**Task item**: Transcribe each entry exactly as it appears, leaving out any picture it holds.

(Stored data entries)
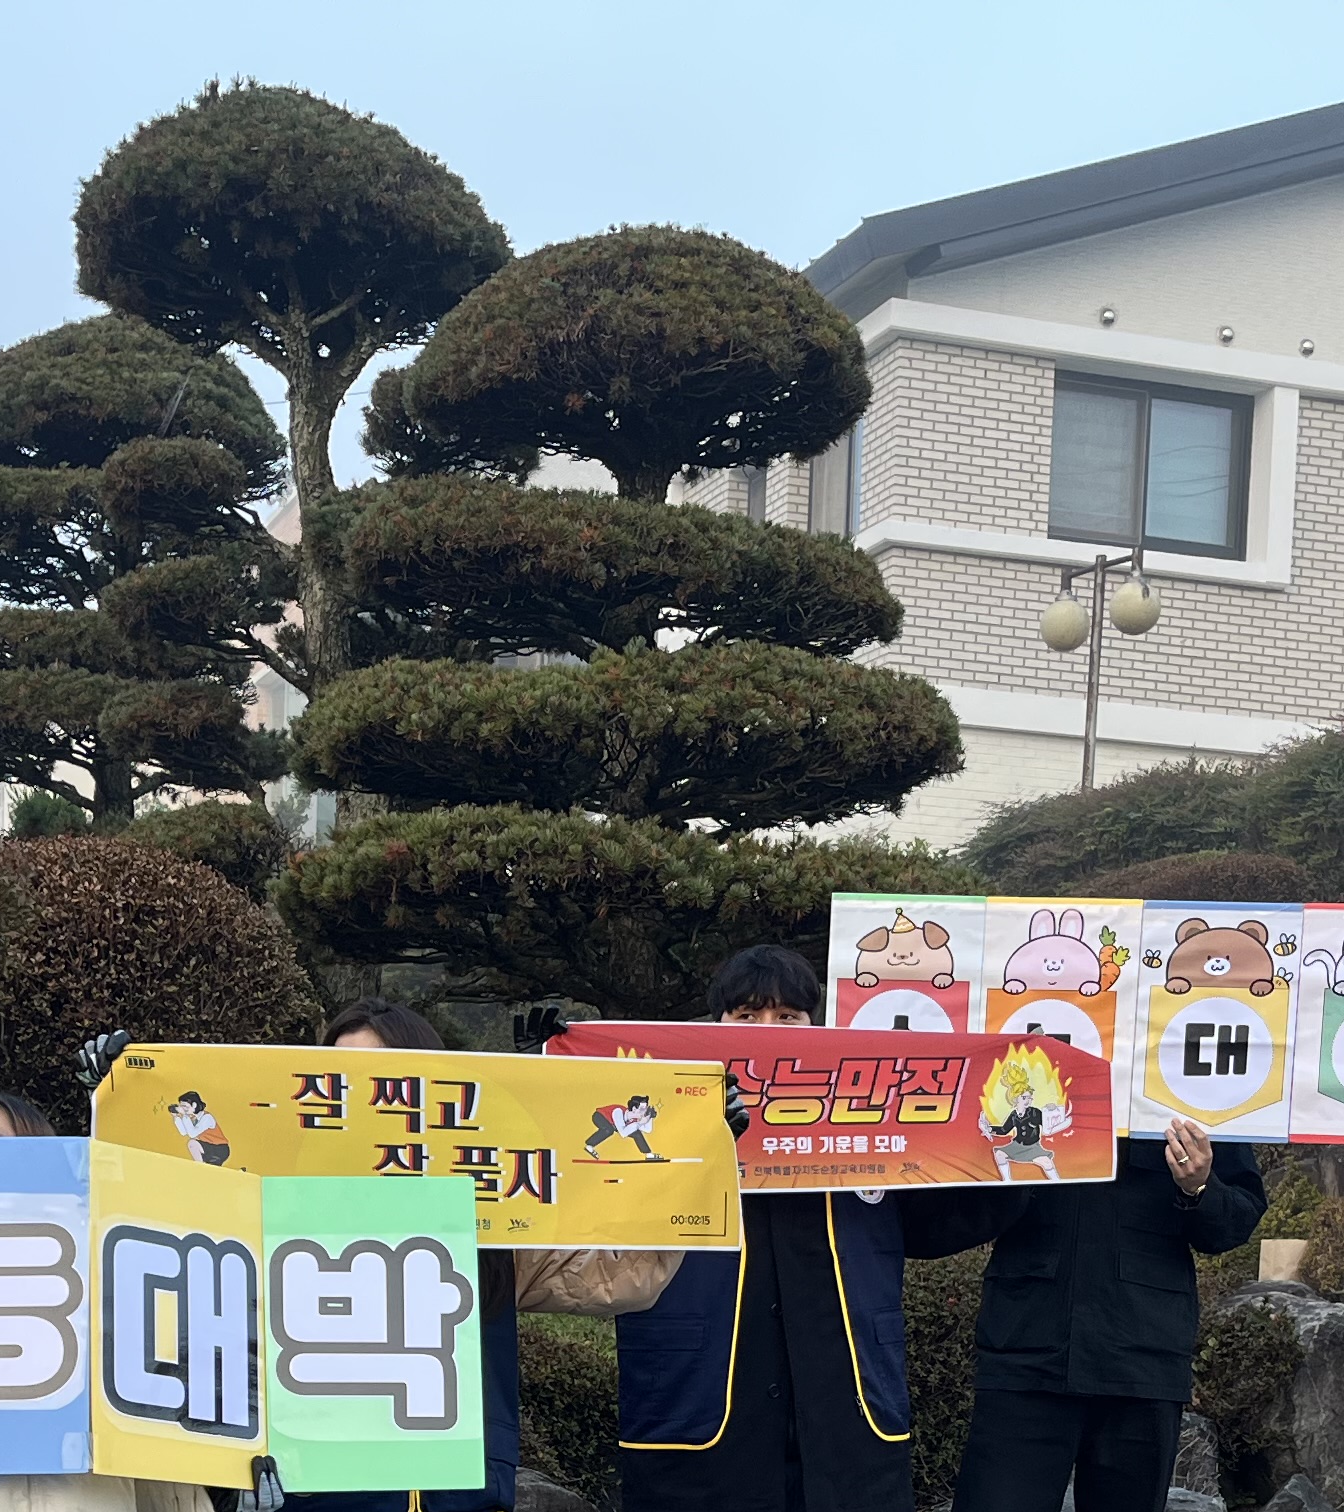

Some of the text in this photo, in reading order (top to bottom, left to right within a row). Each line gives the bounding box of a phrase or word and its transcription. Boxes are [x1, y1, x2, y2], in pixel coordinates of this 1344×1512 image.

[290, 1072, 485, 1134] 잘 찍고
[683, 1085, 709, 1098] REC
[762, 1134, 908, 1155] 우주의 기운을 모아
[449, 1144, 563, 1205] 풀자

**Answer section**:
Some of the text in this photo, in reading order (top to bottom, left to right within a row). Each line gives the bounding box of a phrase or word and its transcription. Boxes are [x1, y1, x2, y2], in pixel coordinates of this 1344×1512 image.

[290, 1072, 485, 1134] 잘 찍고
[683, 1085, 709, 1098] REC
[762, 1134, 908, 1155] 우주의 기운을 모아
[449, 1144, 563, 1205] 풀자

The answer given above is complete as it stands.